DIRECTIONS = Output every entry below word for word, minus the images.

RECORD EXTRACTS =
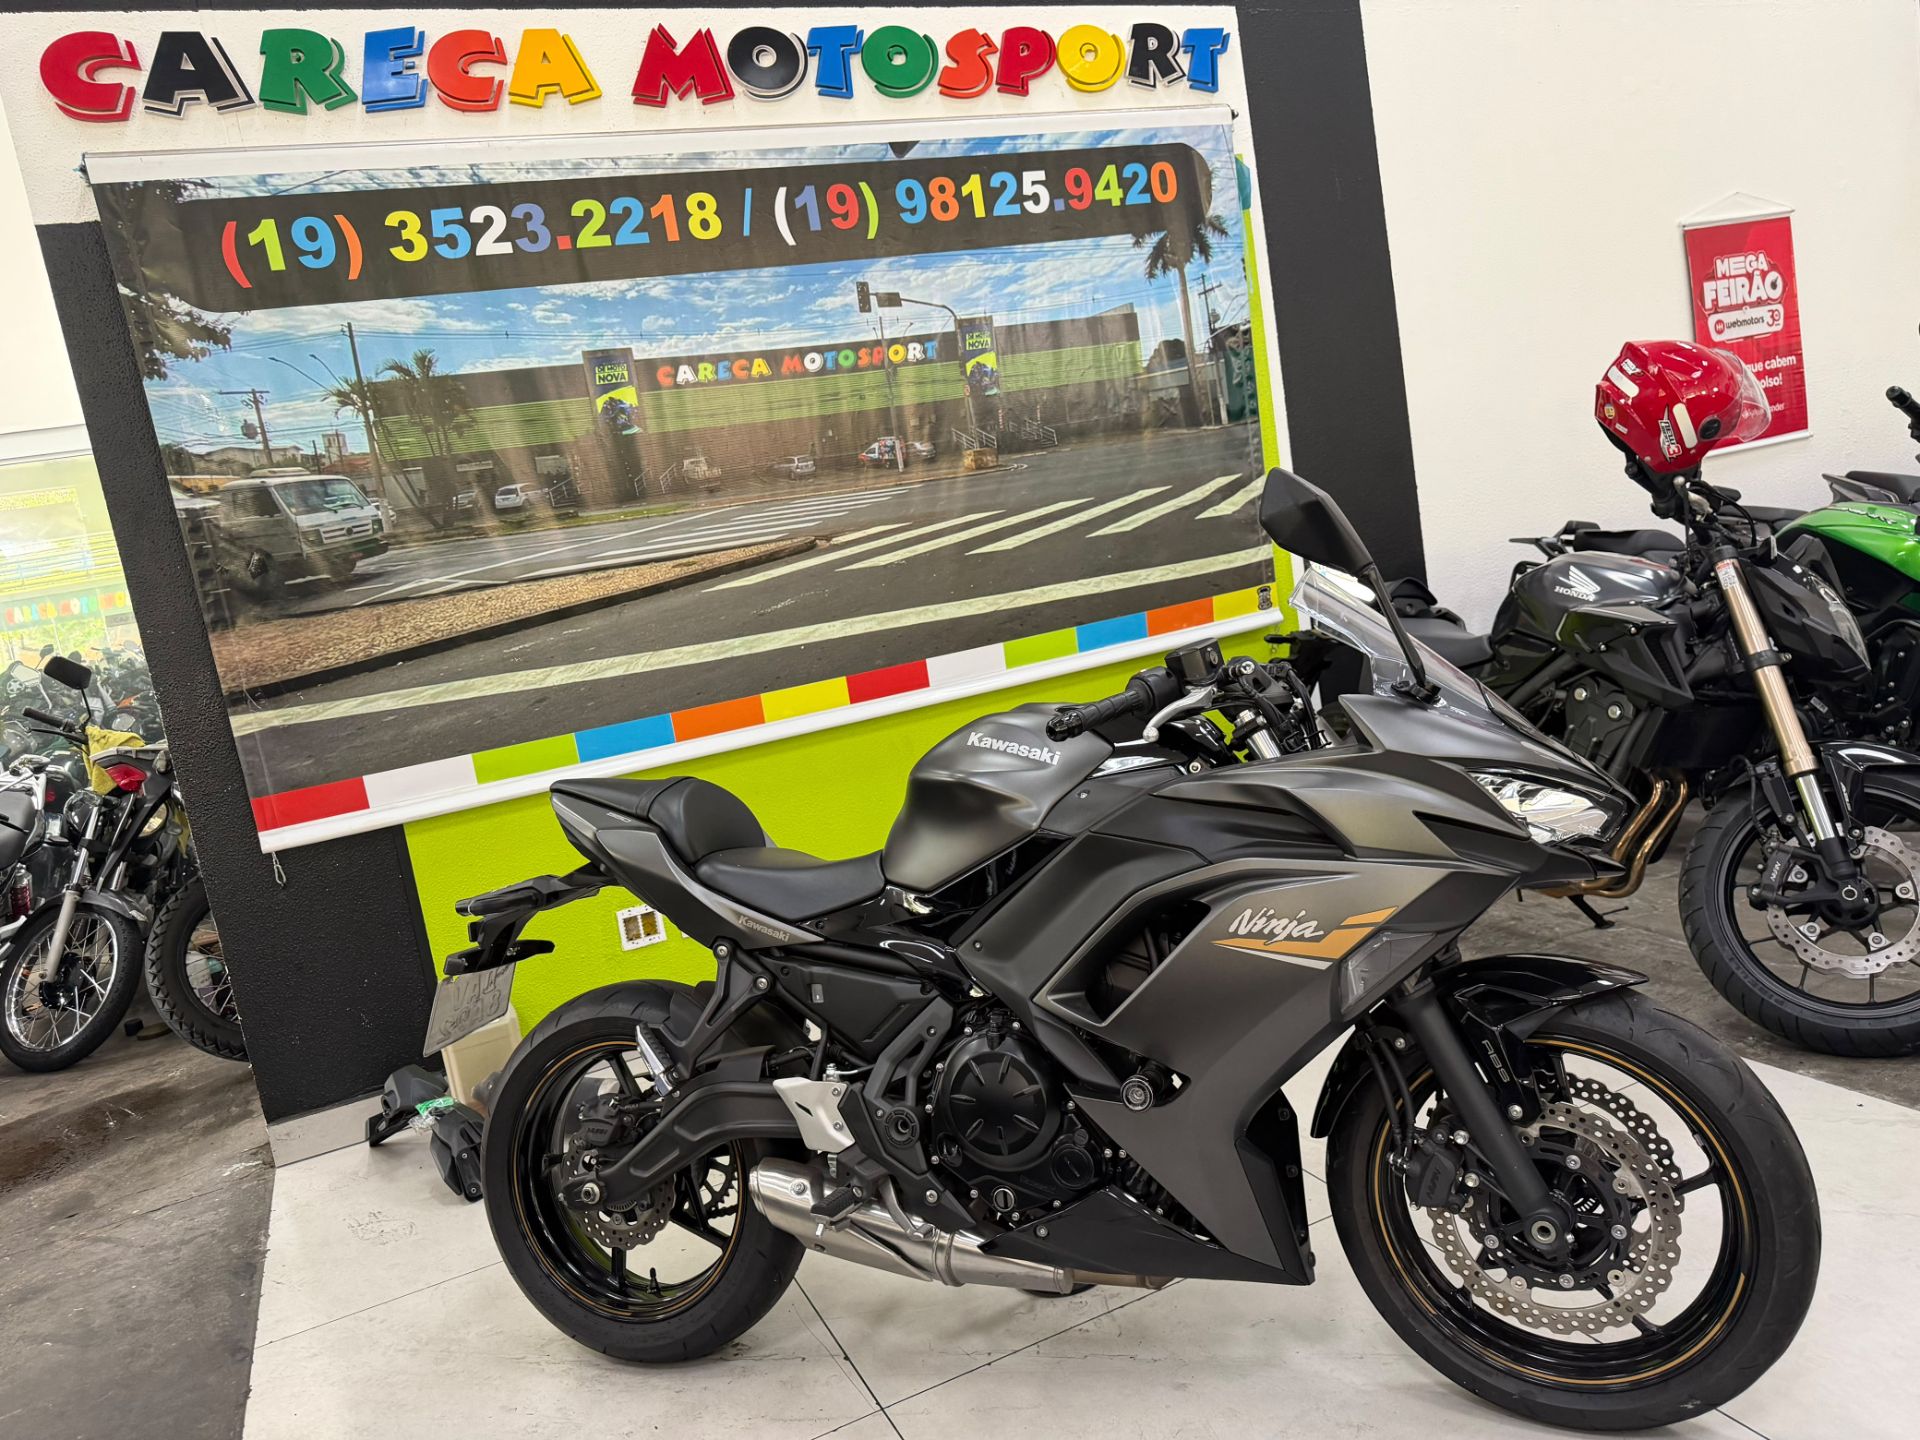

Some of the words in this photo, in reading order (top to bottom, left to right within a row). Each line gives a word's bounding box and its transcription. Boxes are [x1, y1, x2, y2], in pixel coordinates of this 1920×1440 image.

[40, 26, 602, 123] CARECA
[631, 22, 1229, 108] MOTOSPORT
[221, 213, 363, 288] (19)
[384, 192, 722, 263] 3523.2218
[742, 188, 752, 236] /
[773, 182, 879, 246] (19)
[894, 161, 1177, 225] 98125.9420
[1715, 253, 1768, 278] MEGA
[1703, 270, 1783, 309] FEIRÃO
[1726, 316, 1765, 329] webmotors
[968, 339, 991, 349] NOVA
[656, 357, 772, 386] CARECA
[780, 340, 938, 375] MOTOSPORT
[1764, 355, 1797, 370] cabem
[598, 372, 626, 383] NOVA
[1760, 372, 1783, 389] olso!
[1554, 585, 1596, 602] HONDA
[966, 731, 1061, 766] Kawasaki
[739, 915, 790, 942] Kawasaki
[1228, 907, 1324, 946] Ninja
[1481, 1039, 1510, 1083] ABS

EXERCISE OUTPUT =
Some of the words in this photo, in reading order (top to bottom, left to right within a row). Each line gives a word's bounding box and its transcription. Boxes are [x1, y1, x2, y2], in pixel coordinates of this 1920×1440 image.

[40, 26, 602, 123] CARECA
[631, 22, 1229, 108] MOTOSPORT
[221, 213, 363, 288] (19)
[384, 192, 722, 263] 3523.2218
[742, 188, 752, 236] /
[773, 182, 879, 246] (19)
[894, 161, 1177, 225] 98125.9420
[1715, 253, 1768, 278] MEGA
[1703, 270, 1783, 309] FEIRÃO
[1726, 316, 1765, 329] webmotors
[968, 339, 991, 349] NOVA
[656, 357, 772, 386] CARECA
[780, 340, 938, 375] MOTOSPORT
[1764, 355, 1797, 370] cabem
[598, 372, 626, 383] NOVA
[1760, 372, 1783, 389] olso!
[1554, 585, 1596, 602] HONDA
[966, 731, 1061, 766] Kawasaki
[739, 915, 790, 942] Kawasaki
[1228, 907, 1324, 946] Ninja
[1481, 1039, 1510, 1083] ABS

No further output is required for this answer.